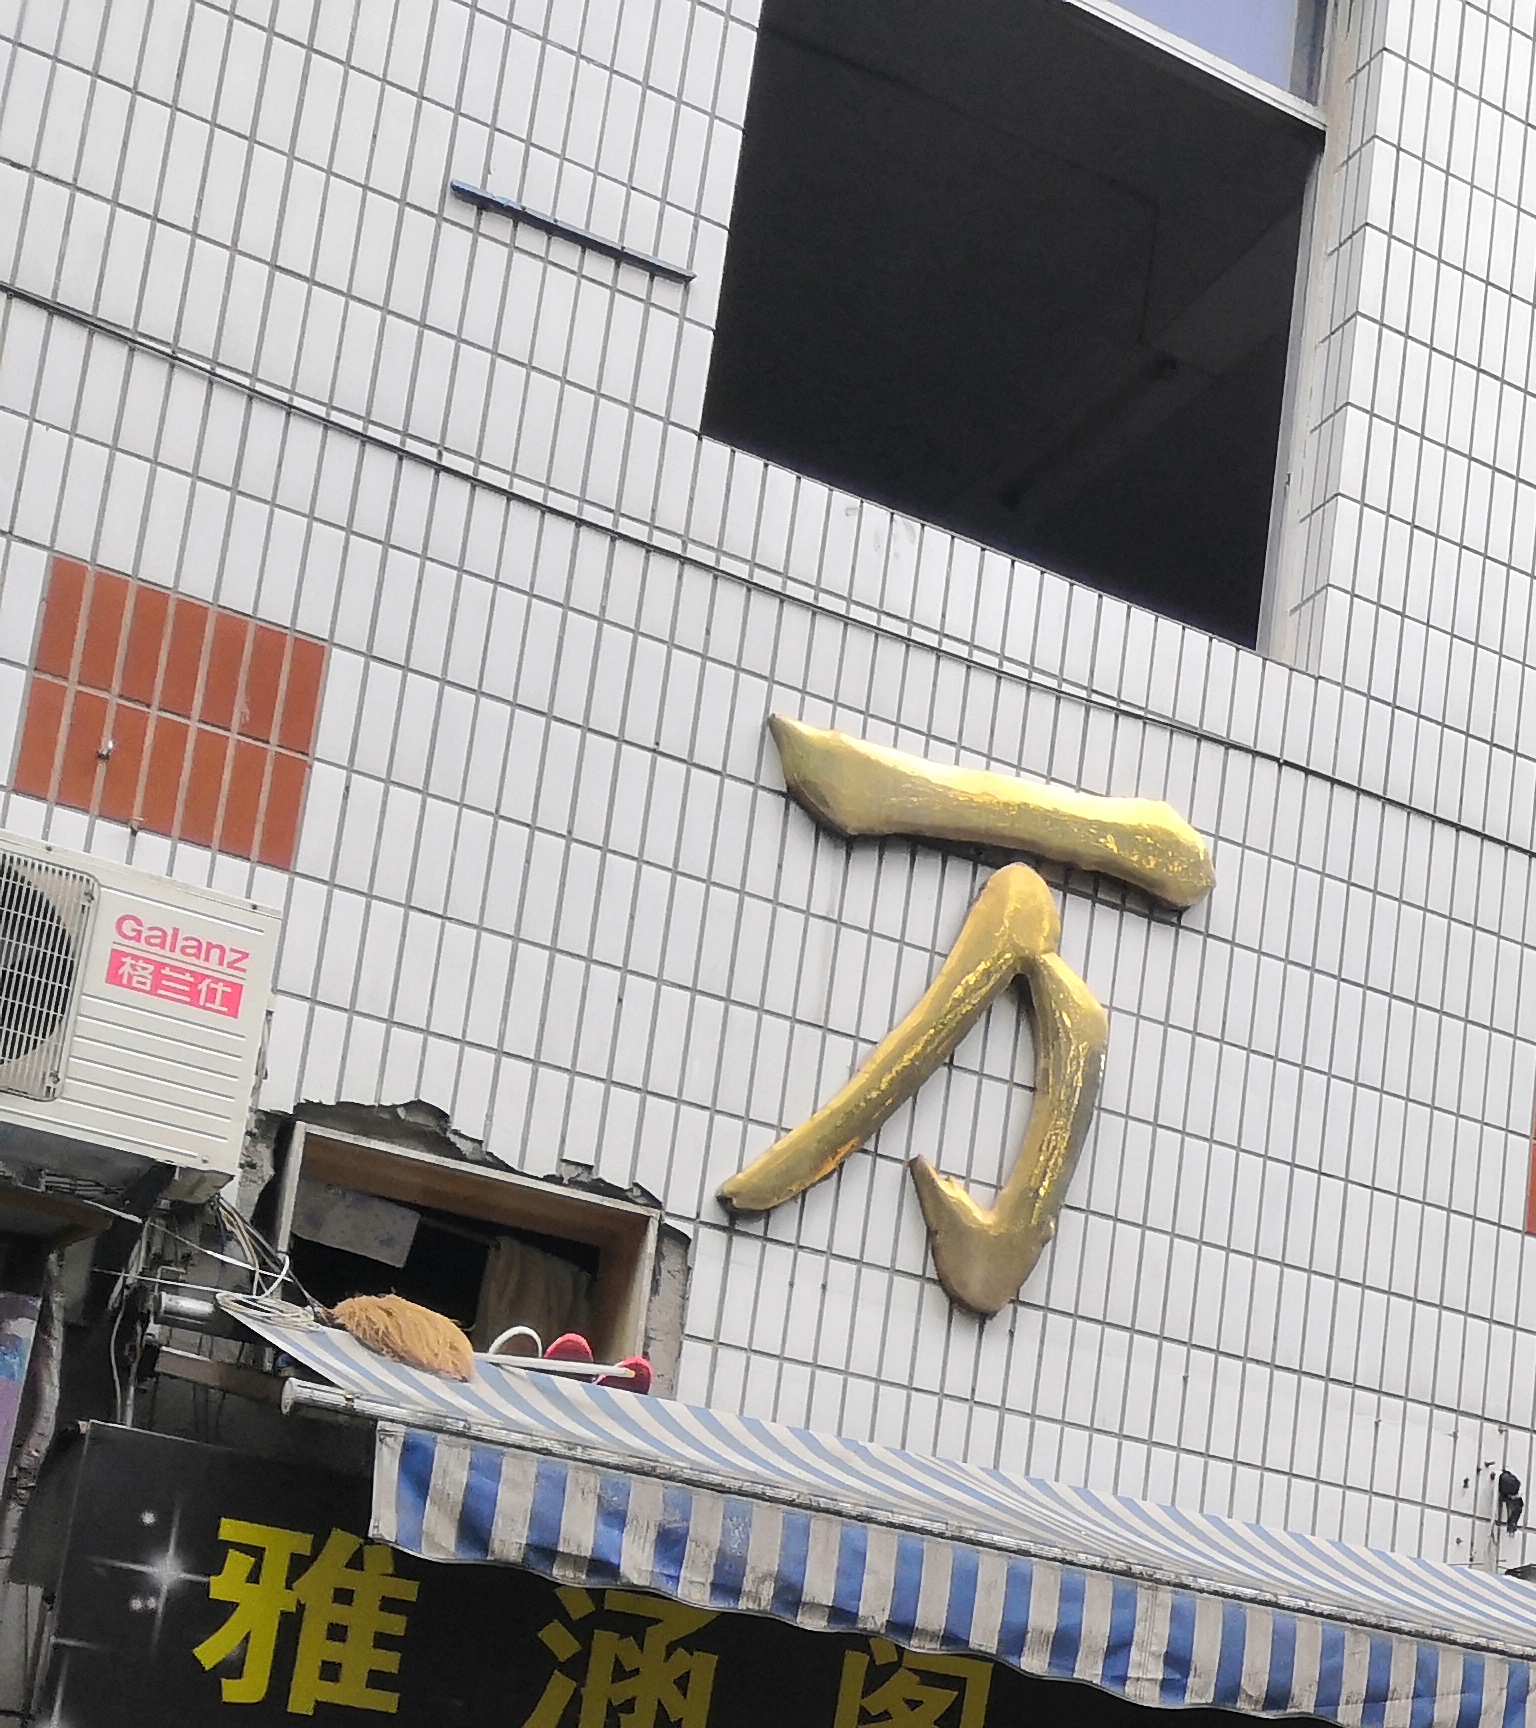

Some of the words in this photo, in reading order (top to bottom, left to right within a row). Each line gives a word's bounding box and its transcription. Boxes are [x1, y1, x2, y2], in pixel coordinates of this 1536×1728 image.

[115, 914, 250, 974] Galanz
[117, 955, 233, 1012] 格兰仕
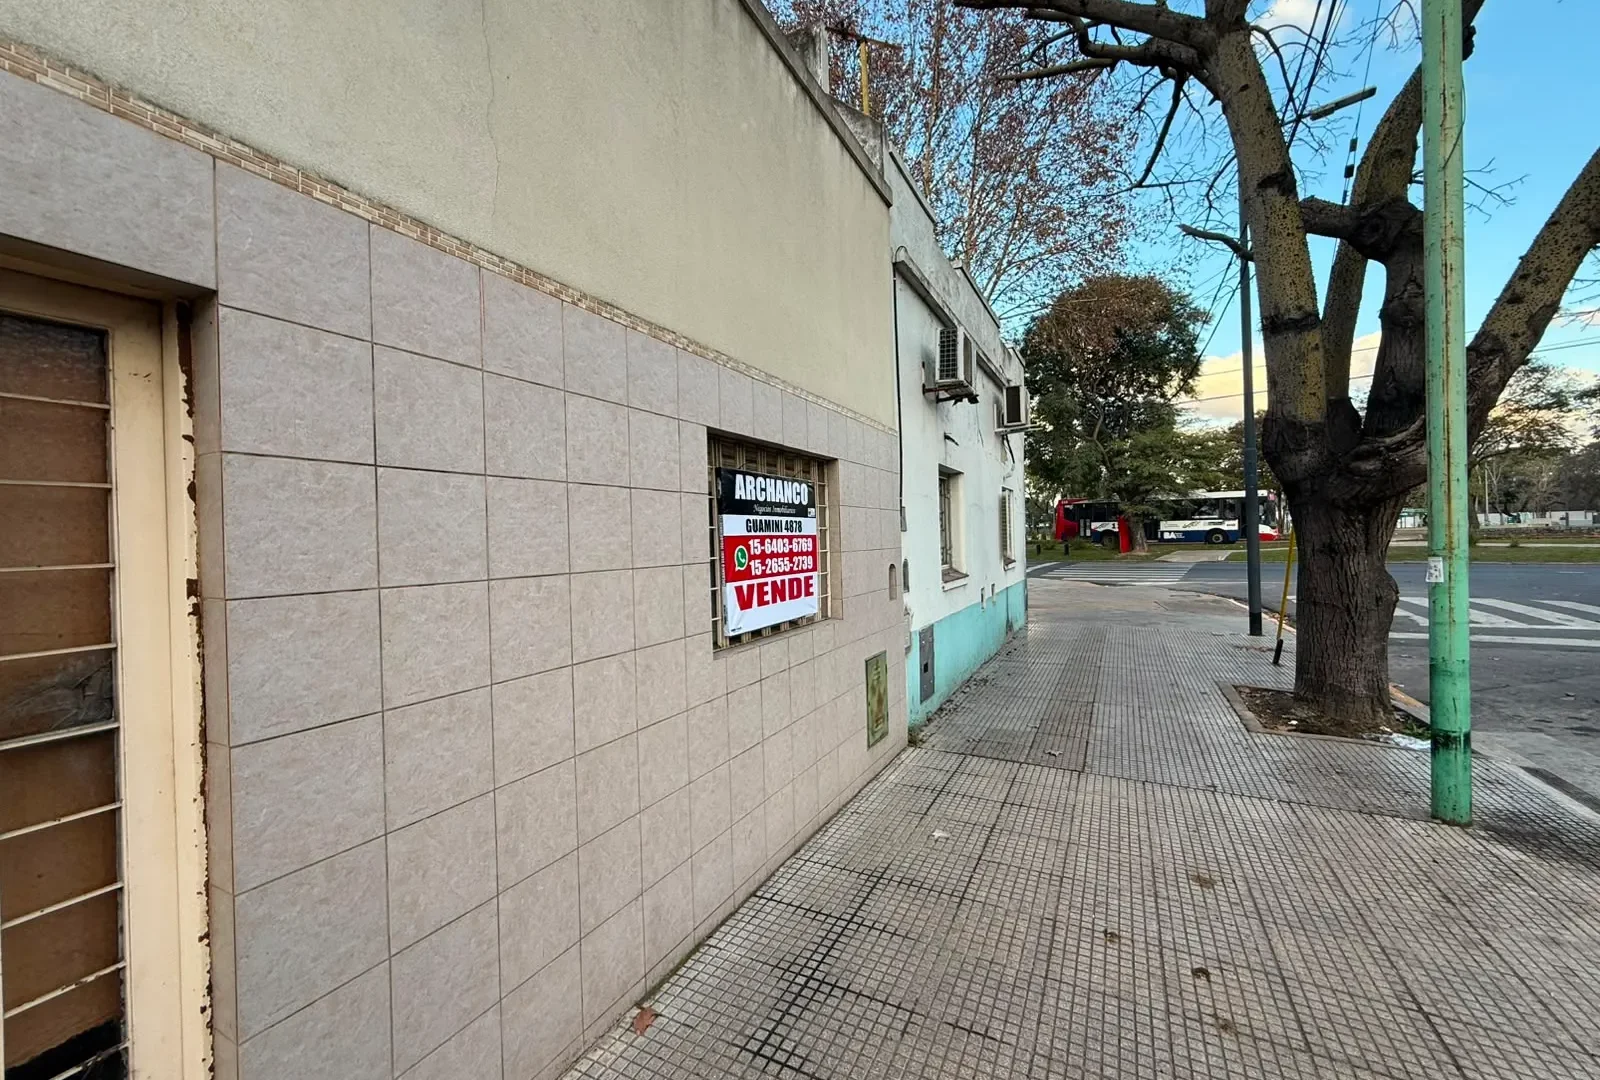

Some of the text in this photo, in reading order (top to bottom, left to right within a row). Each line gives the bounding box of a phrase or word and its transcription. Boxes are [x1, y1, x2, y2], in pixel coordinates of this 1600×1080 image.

[735, 474, 808, 505] ARCHANCO
[746, 519, 802, 533] GUAMINI 4878
[748, 537, 813, 555] 15-6403-6769
[749, 555, 813, 576] 15-2655-2739
[735, 576, 814, 611] VENDE
:::
> _ACTIVITY_: Once the pictures are set aside, give the rest of the material again unchanged.

> _EXERCISE RESULT_:
Some of the words in this photo, in reading order (top to bottom, left to right within a row). Each line gives a word's bounding box and its transcription. Boxes are [x1, y1, x2, y2], in pixel coordinates of this 1536×1728 image.

[115, 914, 250, 974] Galanz
[117, 955, 233, 1012] 格兰仕

Some of the text in this photo, in reading order (top to bottom, left to right within a row). Each line gives the bounding box of a phrase or word and its transcription. Boxes are [x1, y1, x2, y2], in pixel coordinates of this 1600×1080 image.

[735, 474, 808, 505] ARCHANCO
[746, 519, 802, 533] GUAMINI 4878
[748, 537, 813, 555] 15-6403-6769
[749, 555, 813, 576] 15-2655-2739
[735, 576, 814, 611] VENDE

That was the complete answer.